Slurm workflow


This guide is written to compile and run a program written in Fortran using Intel's compiler.

Unity can also load and run MATLAB, Python, R, Mathematica, etc. . To view the whole list of available modules while you're logged in to Unity, type: module avail

Follow along in an example file: SlurmTime.sh

Job workflow

Preparing Fortran files to run on Unity

  • If you reference a path, make sure it uses / instead of \

    • / still works with Windows, according to the wisdom of the internet

    • E.g. if your input files are saved in \input\files, change it to /input/files

  • Compilation script / makefile

    • Linux uses -qopenmp instead of /Qopenmp

    • Linux uses -mkl instead of /Qmkl

    • Linux builds to .o files instead of .obj, so you may need to tweak the compile script

    • Compilation example included in sample file, "SlurmTime" above


Upload your working files

  • In your home folder ( ~ or /home/name.#/ ), use WinSCP to create a new folder

    • On the right side screen, click "New", then choose "Directory"

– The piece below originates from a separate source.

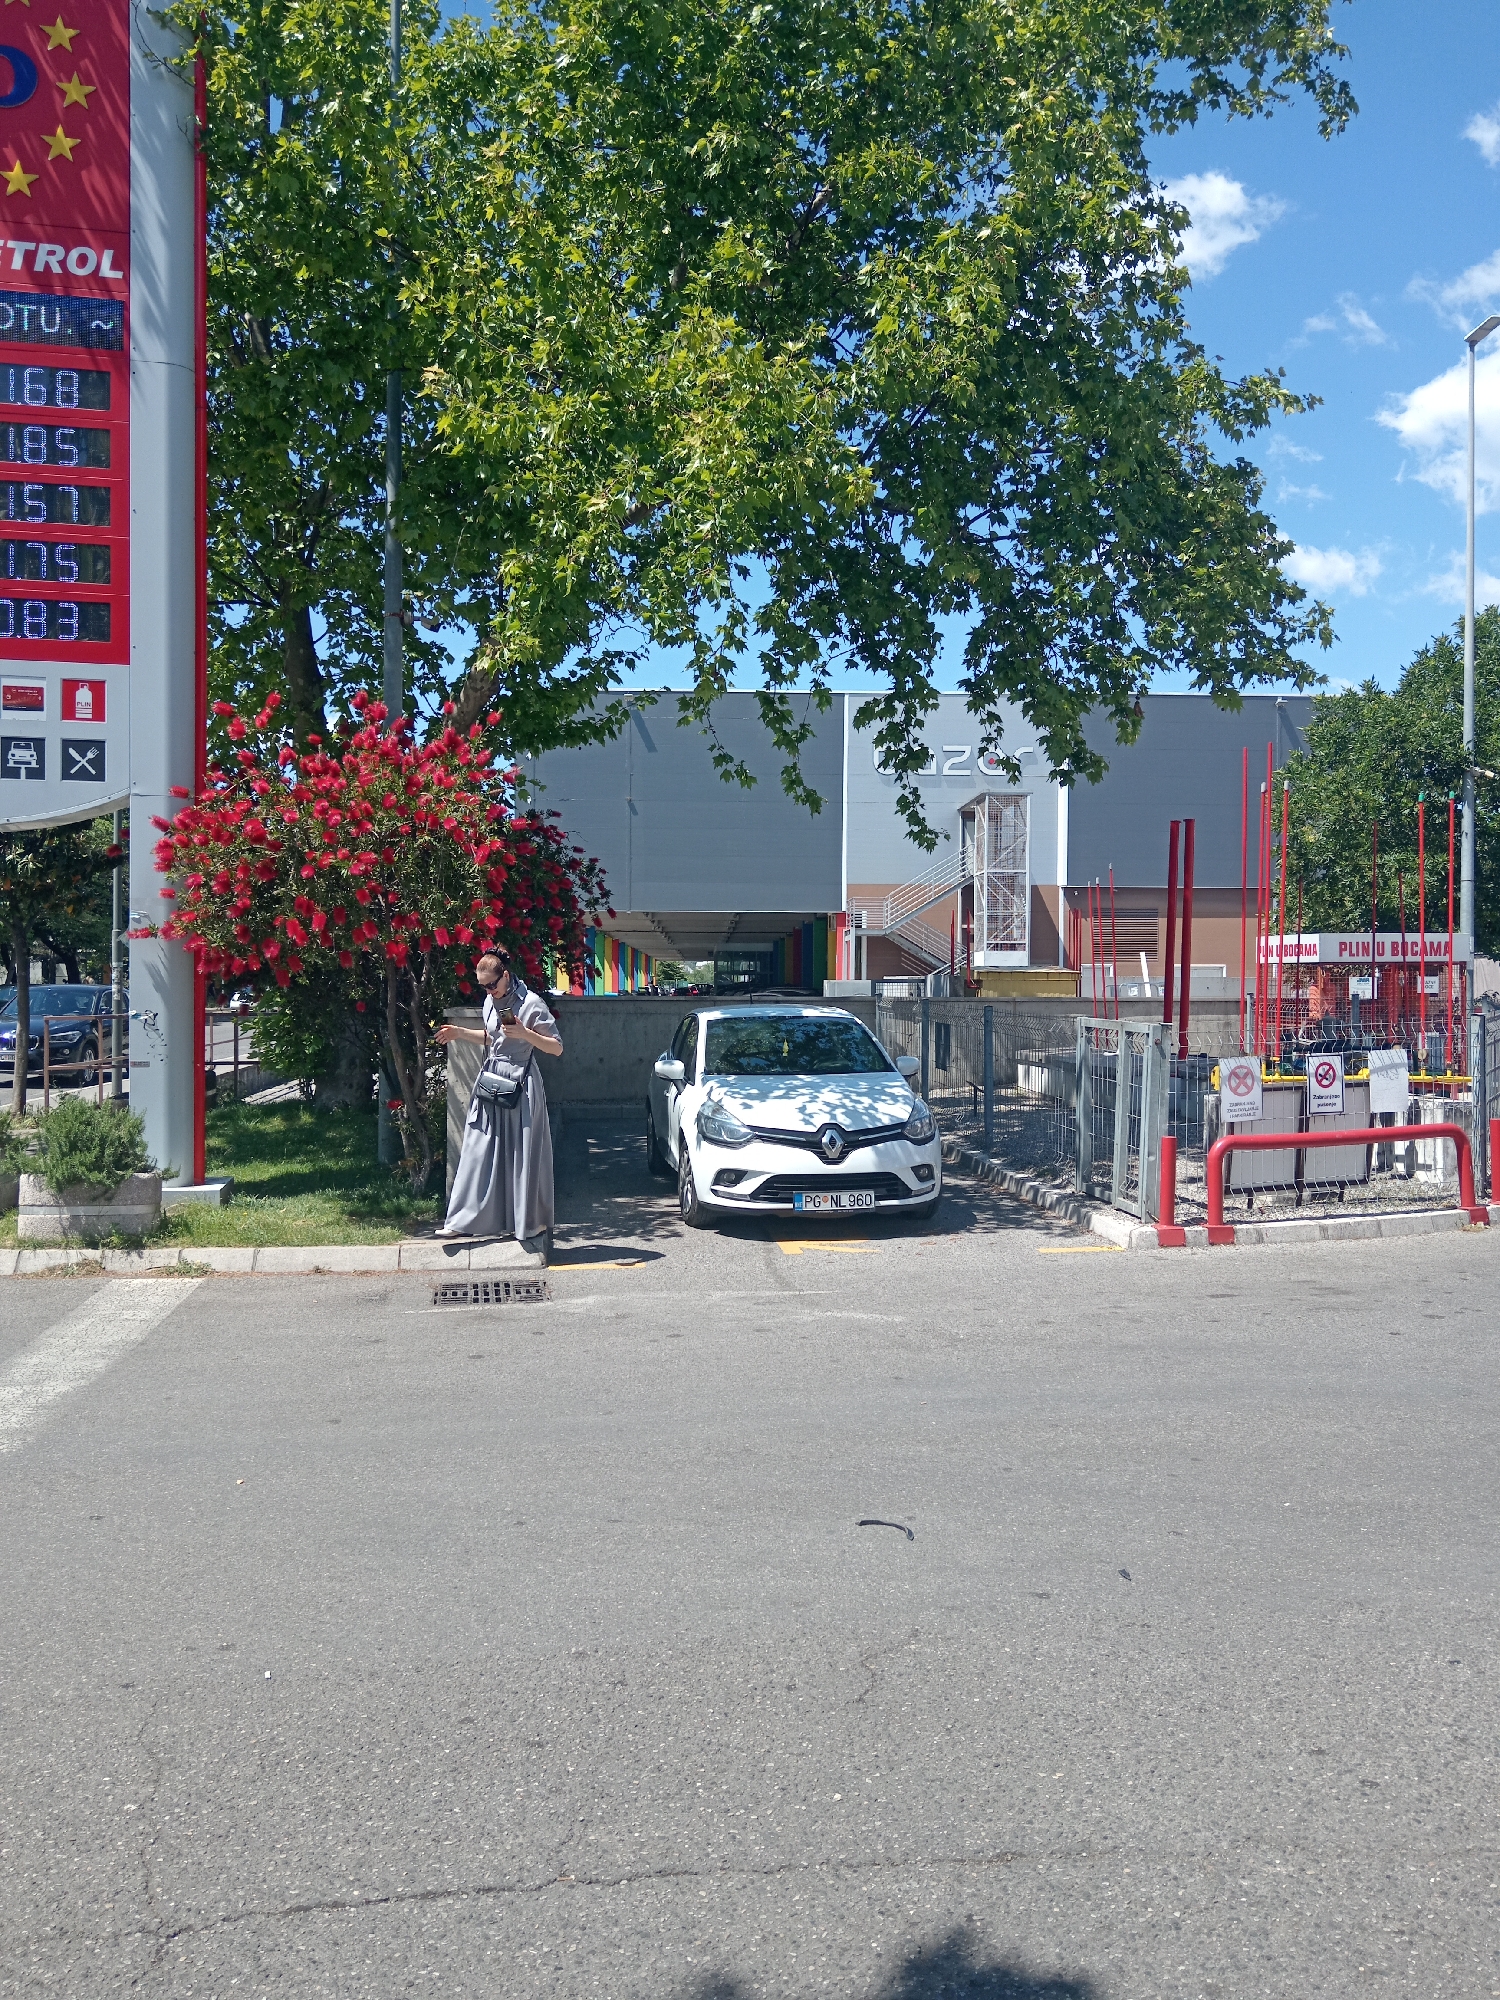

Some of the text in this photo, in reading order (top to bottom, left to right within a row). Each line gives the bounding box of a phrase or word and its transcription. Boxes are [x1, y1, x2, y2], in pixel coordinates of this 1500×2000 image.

      • Use the default options, but change the name to something related to your project

      • Life is simpler if you don't use spaces when choosing a folder name

  • Double click the new folder

  • Upload all code, parameter values, inputs, etc

  • See Uploading files to Unity for process details


Slurm

  • About: Slurm is the workflow manager that assigns resource requests to actual computer hardware

  • Slurm scripts

    • To start a job, you will need to write a Slurm script that tells the system what you need and what you want it to do

    • See attached example file and modify as needed in Notepad++

      • Be sure to change job description, your email, and the compiled files

      • See the block below for details on how to read/change the sample script located at the top of this page

    • Caution: Slurm jobs need Linux Line breaks


Walking through the linked Slurm script

  • Don’t change the first line (#!/usr/bin/env bash)

  • Lines starting with #SBATCH are instructions for the scheduler

  • Lines starting with # are comments

  • There are 4 blocks of SBATCH commands in the example file

    • Name/user stuff to track your job

    • CPU resource requests

      • 1 node, 1 task per node, then pick the number of CPUs you want (for OpenMP implementations)

      • If you coded in MPI, you may want more than 1 node or task per node, but I don’t know much about that

    • Time request

    • Memory request

  • After ALL of the #SBATCH lines, you can put in normal Linux Bash commands

  • There are 3 blocks in the example file:

    • Export OMP_NUM_THREADS: Sets the OpenMP number of threads to be equal to the number you requested

    • Scratch directory

      • I tell the system to create a directory for the unique job ID

        • This way, you don’t have to be as careful about overwriting files if you are running similar jobs

      • I compile everything each time I run so that the program is always compatible with the node it was assigned to

      • Then copy your files over to the working directory

      • Example: If all of my files are in ~/LendingStandards, I the Slurm command would be

        • cp -R ${SLURM_SUBMIT_DIR}/LendingStandards ${SCRATCH_DIRECTORY}

        • cd ${SCRATCH_DIRECTORY}/LendingStandards

    • Compile the Fortran file

      • Module load intel loads the ifort command and other intel tools

      • The remaining ifort … lines compile my fortran source files

      • Be sure to use -qopenmp and -mkl options for any source files that need those tools

    • Run the program

      • ./program_name will execute the program

    • When it is done, exit 0

      • You will get an email saying your batch exited with code 0

      • If you get an email saying your batch exited with a different code, it failed for some reason

Submitting a job

  1. When you have a Slurm file ready, upload the .sh file to Unity (see Uploading files to Unity for details)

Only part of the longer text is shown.